Mrs Cavell replied to thank him, saying that she had sent the copies to her other two daughters, but would keep the originals for herself. ‘I very much appreciate your kind expressions of sympathy with me in my great loss.’

The file ends there. After the war, Edith Cavell’s body was exhumed and returned to Britain. A memorial service was held at Westminster Abbey, attended by the King. Cavell was then reburied in Norwich Cathedral.

The popular perception of Edith Cavell remains that of a young, patriotic nurse who had little idea of the danger she was facing.

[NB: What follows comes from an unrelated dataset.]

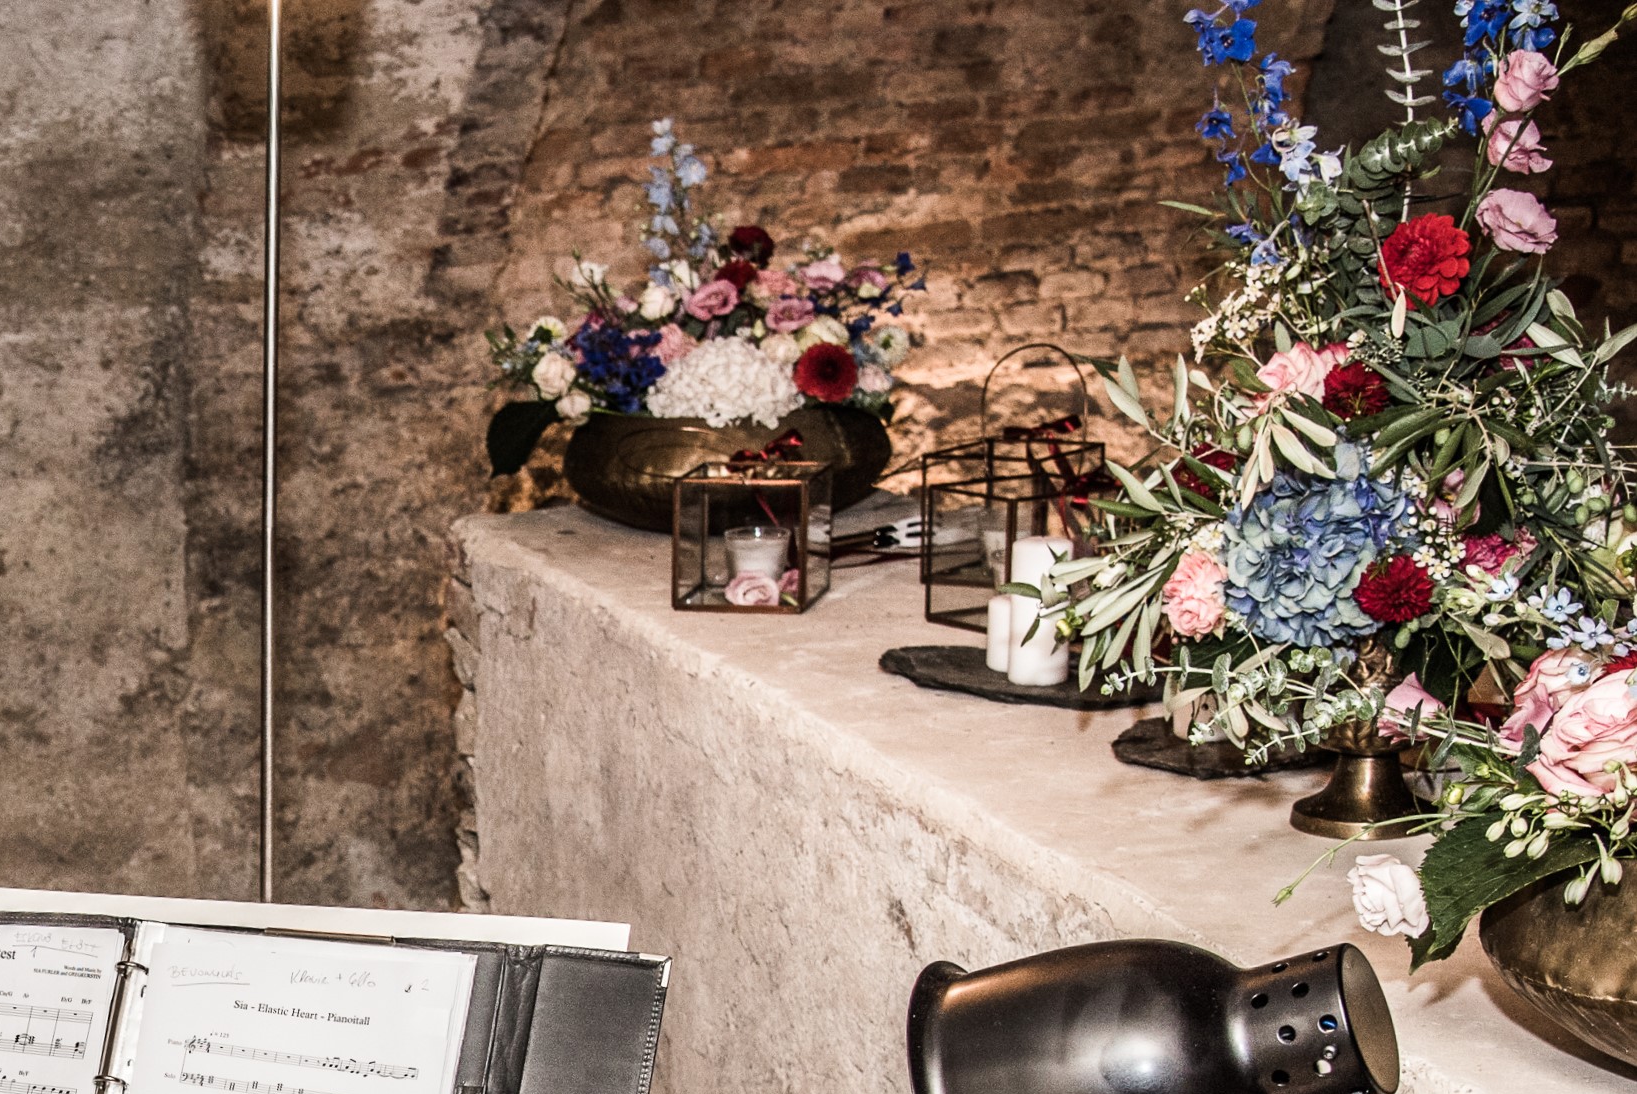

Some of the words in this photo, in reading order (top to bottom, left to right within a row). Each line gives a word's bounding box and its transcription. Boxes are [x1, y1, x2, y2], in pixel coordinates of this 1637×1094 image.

She certainly served her country courageously, although she is famously reported to have said minutes before her execution: ‘As I stand here in the presence of Eternity, I find that patriotism is not enough.’ She wasn’t that young, either: she died two months shy of her 50th birthday. And we now know that she was well aware what might happen to her if she were caught.

But perhaps even more fascinating is the glimpse into the workings of the British police force and fledgling secret service during World War One—and their bungling attempts to help a resistance fighter in peril.’